I was wondering about that and am not familiar with the design of deep beams. It is 36" deep x 10" thick. Does that qualify? What would I need to do differently?
 
I just double checked our code, skin reinforcement doesn't kick in until the beam depth exceeds 1.0m (40")
If you could, my inclination would be to make the beam shallower but wider
Gives more space within the stirrup cage to assemble a proper-looking beam and vibrate concrete

Obviously less efficient that way so you'll need to check numbers, geometric constraints etc
 
In my opinion, the primary reason that one wants top steel here is to preserve the shear capacity of the beam when it inevitably cracks in negative moment near the supports. In this situation, your shear depth basically drops to zero. From a detailing perspective, I'm of the opinion that there's no such thing as a simple span member in monolithically cast concrete.

c01_cts7v5.png
 
XR250 said:
It is 36" deep x 10" thick. Does that qualify?

36" is the limit so you don't need to do anything here. If it were deeper, you'd need to calc some horizontal bars along the side faces of the beam. #5@12" or something like that. In these situations, I usually just have adjacent wall horizontals run through.
 
A common sense view says that, for a big beam like this 36" beam proposed, a crack could start at the top or the bottom under many load cases
Thermal, shrinkage, faceloads, impact, even just lifting stress or shoddy pouring
If there is no steel at the top then nothing restrains that crack
I would always put a bar or two at the top just to provide SOMETHING
 
One of the reasons that I like stirrups for this particular situation is that I feel there is some potential for differential settlement between beam supports. That might exacerbate shear and lead to unpleasantness in the absence of reinforcing.
 
While you are adding stirrups why not add some top bars and a layer of side bars mid depth. This would take the rod buster no time at all to place and the extra $$ in steel is negligible in my opinion.

If you really wanna save your client a few pennies you could run tighter stirrups near the supports and space them quite far apart in the middle 2/3 of the beam...or wherever you decide.
 
According to classic concrete fundamentals, the stirrups should arrest any diagonal shear cracks before they propagate and need to rely on the top bars.
 
@motorcity I'm not sure if you're responding to me there?
In my head, you can't really have stirrups without top steel, or else the stirrup cannot be anchored or supported during the pour

 
MotorCity said:
According to classic concrete fundamentals, the stirrups should arrest any diagonal shear cracks before they propagate and need to rely on the top bars.

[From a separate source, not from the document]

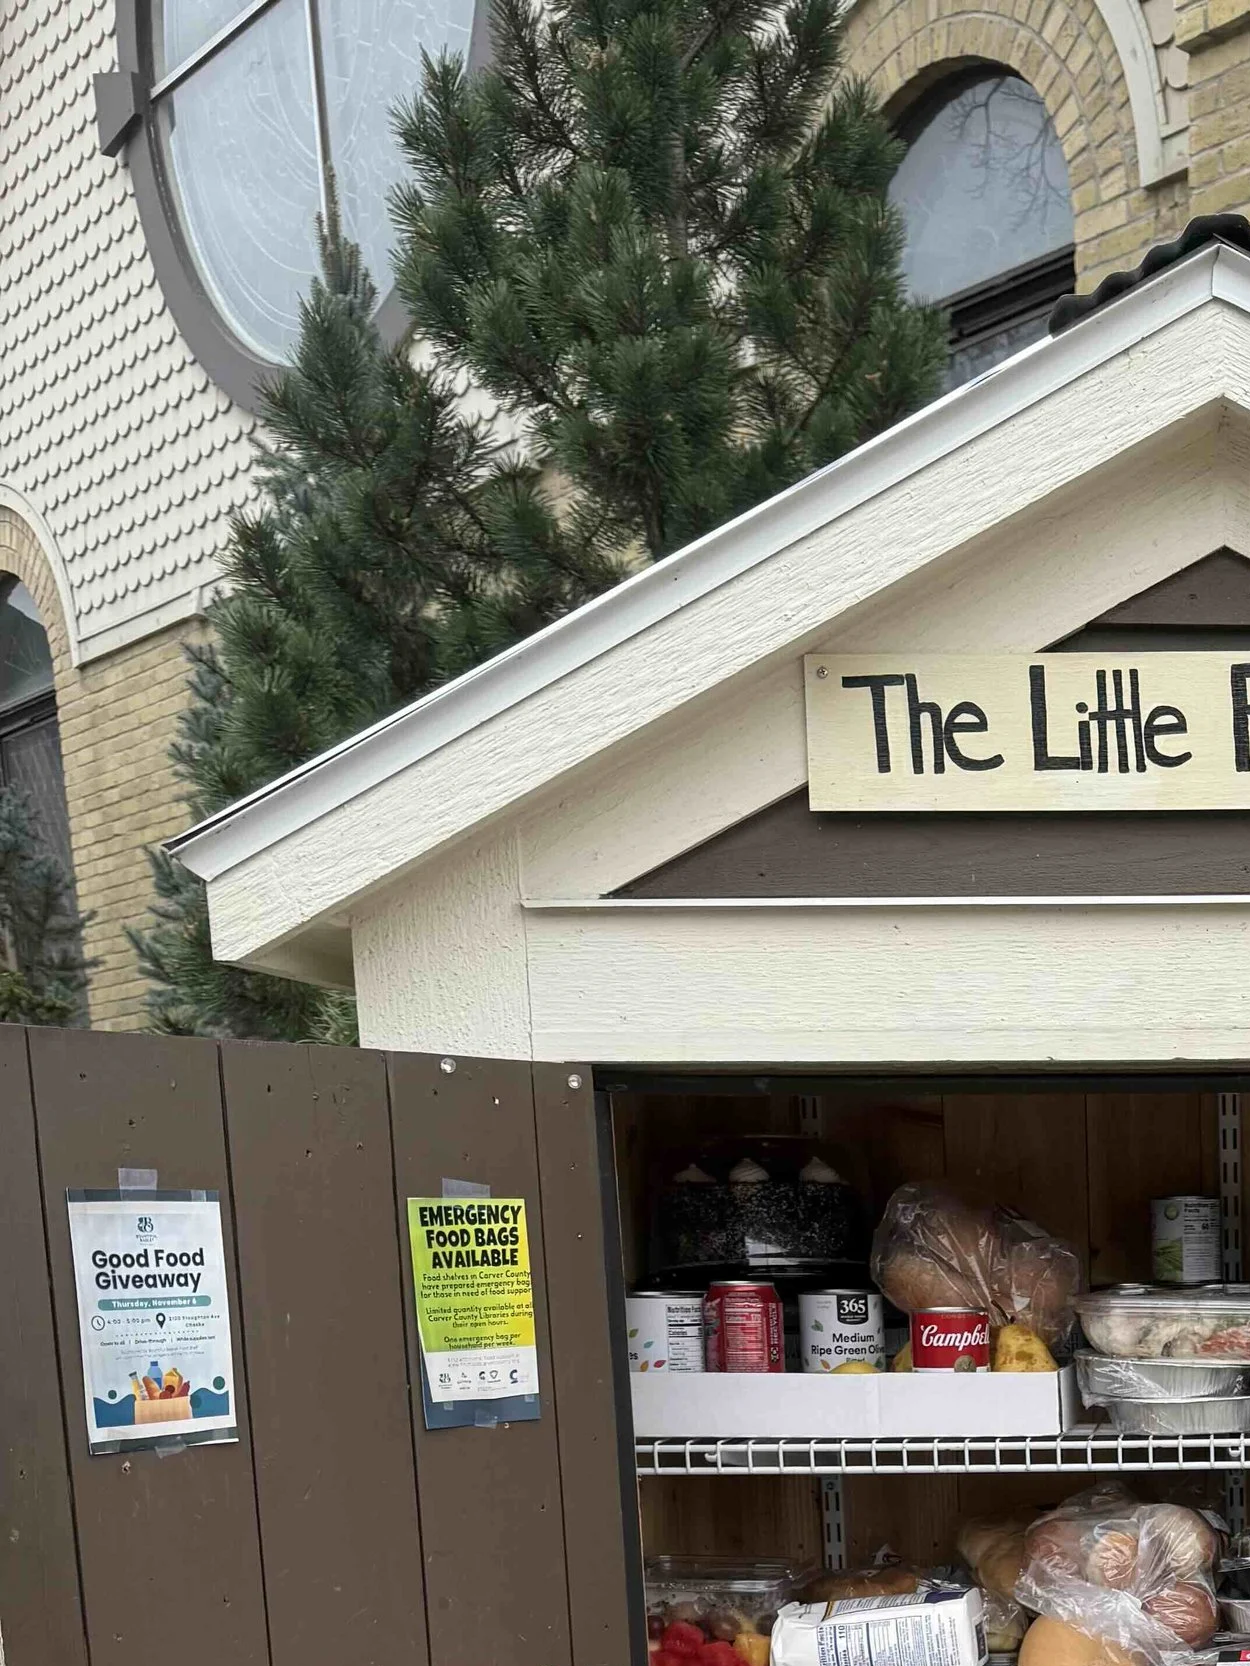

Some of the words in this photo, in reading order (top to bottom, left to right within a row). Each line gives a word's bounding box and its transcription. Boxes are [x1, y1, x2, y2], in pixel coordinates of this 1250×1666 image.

I don't believe that to be correct MC. Rather, I feel that a shear crack has to propagate across the entire cross section and induce a degree of real shear slip before the stirrups become meaningfully engaged.

What is fundamental, in my opinion, is the shear truss concept upon which we base out stirrup reinforcement. In this context, attempting to use the full shear depth of the member when top steel is not provided is akin to trying to use the blue webs of the truss shown below in the absence of the chord segments shown in green.

To an extent, this problem diminishes once the beam ends hinge and the "truss" transmogrifies into the simply supported version that is consistent with a "bottom steel only solution" and the top chord becomes a compression element across the entire span. My concern with that, however, is whether or not a catastrophic shear failure may be induced before that outcome is brought about.

There is one example out in the wild that leads me to believe that this can be a practical concern rather than merely a theoretical one. In the literature dealing with hollow core planks, there is concern for the failure shown in the second sketch below when plank ends wind up being significantly "end clamped" at their supports.